Para lo que sí brindaron espacio fue para la proliferación de falsedades sorprendentes. Por la distancia entre lo que Mauricio Macri dijo que iba a hacer en 2015 y lo que hizo luego, corresponde considerar a su campaña de ese año como la más falaz de la que se tenga registro. No sólo no cumplió con sus promesas de campaña (algo habitual entre políticos) sino que prometió específicamente no hacer cosas que sus opositores advirtieron que iba a hacer y que fueron las que efectivamente hizo apenas asumido. Alberto Fernández abrió su intervención en esta primera ronda de 2019 denunciándolo por ello. Pero eso no impidió que Macri volviera a mentir ostensiblemente en casi todos los datos que diseminó. Mintió sobre los motivos, los montos y los usos de la deuda externa que tomó. Contra toda evidencia, afirmó que había elevado el presupuesto de ciencia y tecnología. Presentó éxitos fantasiosos en la lucha contra el narcotráfico. Pintó un panorama irreal sobre los logros de su gestión y no dijo una palabra sobre las políticas que tomaría en un eventual segundo mandato.

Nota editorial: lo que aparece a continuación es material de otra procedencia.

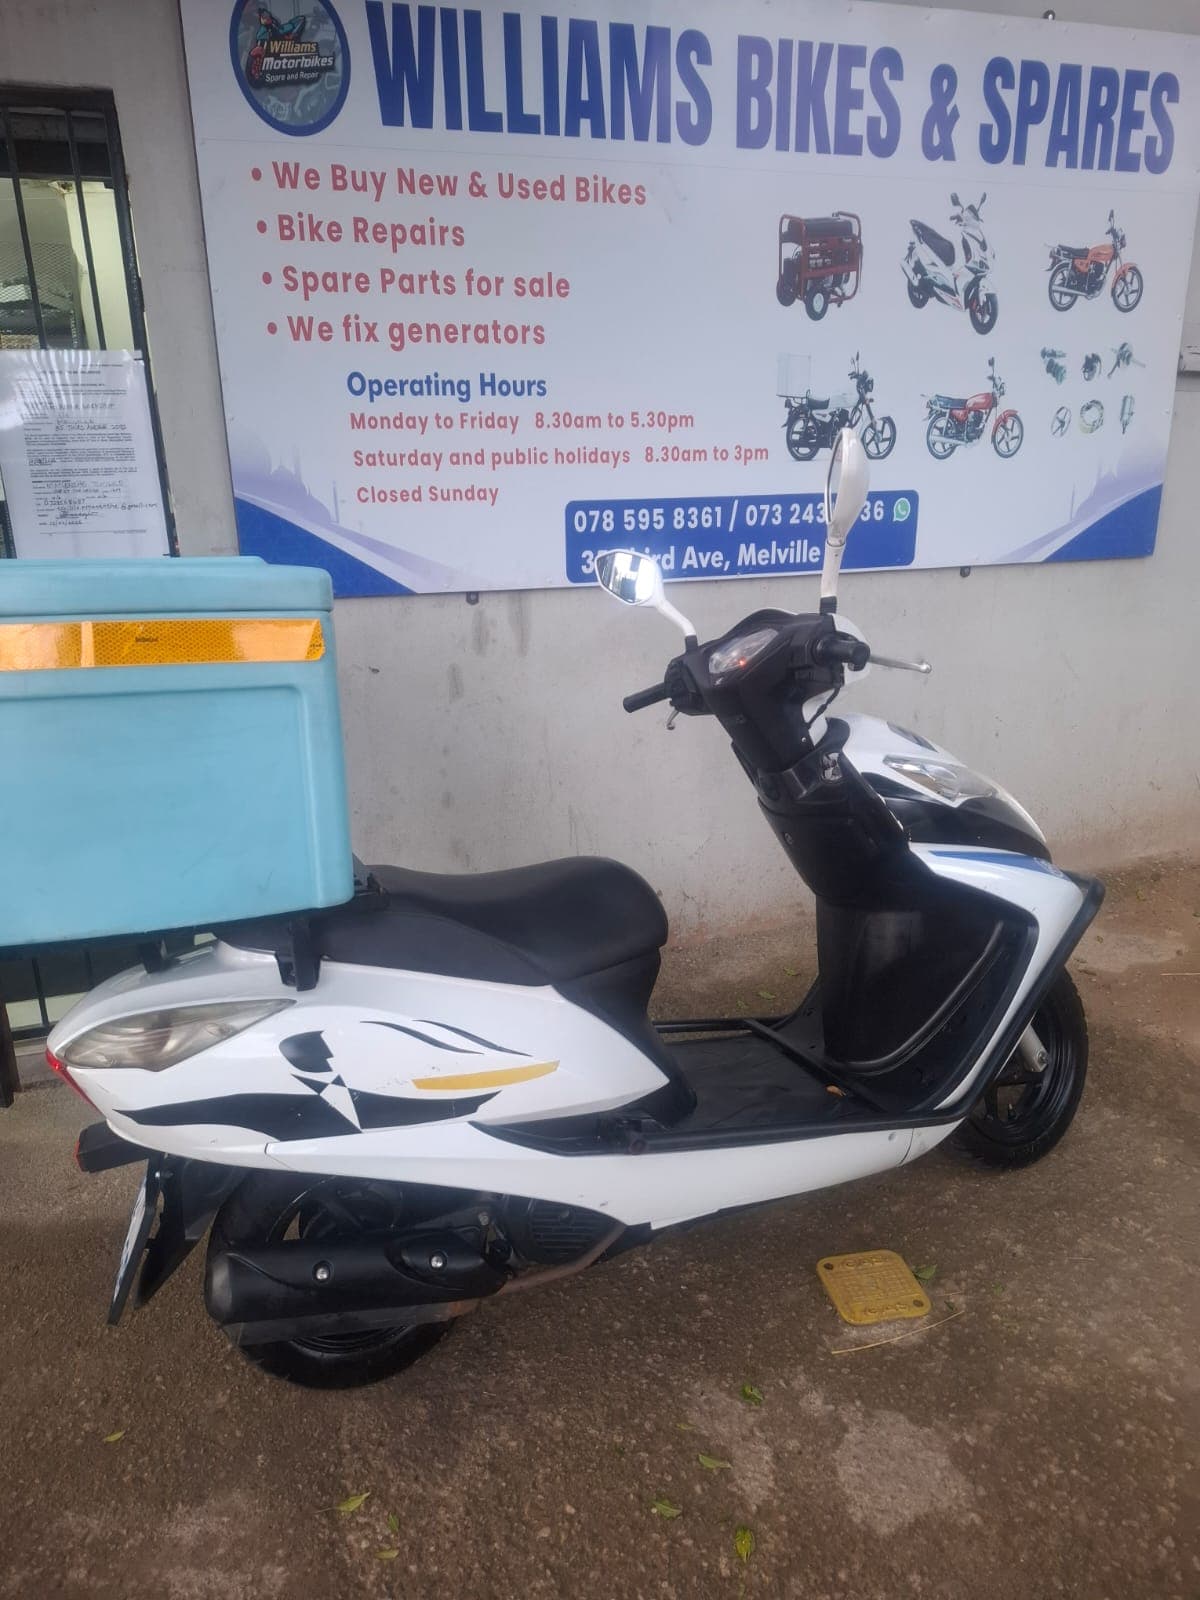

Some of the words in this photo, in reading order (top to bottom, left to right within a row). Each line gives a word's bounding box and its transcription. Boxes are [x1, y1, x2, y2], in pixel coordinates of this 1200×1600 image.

Lejos de facilitar el acceso de los ciudadanos a información veraz sobre los candidatos, el formato de debate fue, al menos hasta ahora, una formidable plataforma para la mentira. Irónicamente, la ley prevé duras sanciones si un candidato falta a la cita, pero ninguna si miente de forma deliberada. Como si lo que importara fuese que el show tenga lugar, más que su supuesto fin de brindar información a la ciudadanía.
El entorno mediático, al menos el televisivo, no sirvió como contrapeso. Más bien lo contrario. Al finalizar el debate las coberturas de la TV no advirtieron sobre la información falsa vertida por los candidatos. Más que analizar lo dicho, apuntaron a las formas y al modo de aparecer de cada uno. En sintonía con lo que señaló Macri durante la emisión, se detuvieron especialmente en el lenguaje corporal de Alberto Fernández y en su dedo índice en alto, tomado como signo de soberbia y autoritarismo. Lo mismo que en 2015, los medios continuaron luego con el gerenciamiento de las percepciones, al proclamar “ganador” y “perdedor” de la contienda. Al finalizar esta edición, TN anunció que las encuestas que acababan de realizar habían dado por ganador a Macri (algo que se demostraría falso) Al día siguiente la gestualidad de los candidatos y las percepciones de “la gente” dieron lugar a decenas de notas en la prensa gráfica. Sobre las mentiras vertidas se dijo poco y nada: el debate giró todo el día en torno del dedo índice de Fernández. Gestos, imágenes y sensaciones, a la misma altura que los contenidos verbales.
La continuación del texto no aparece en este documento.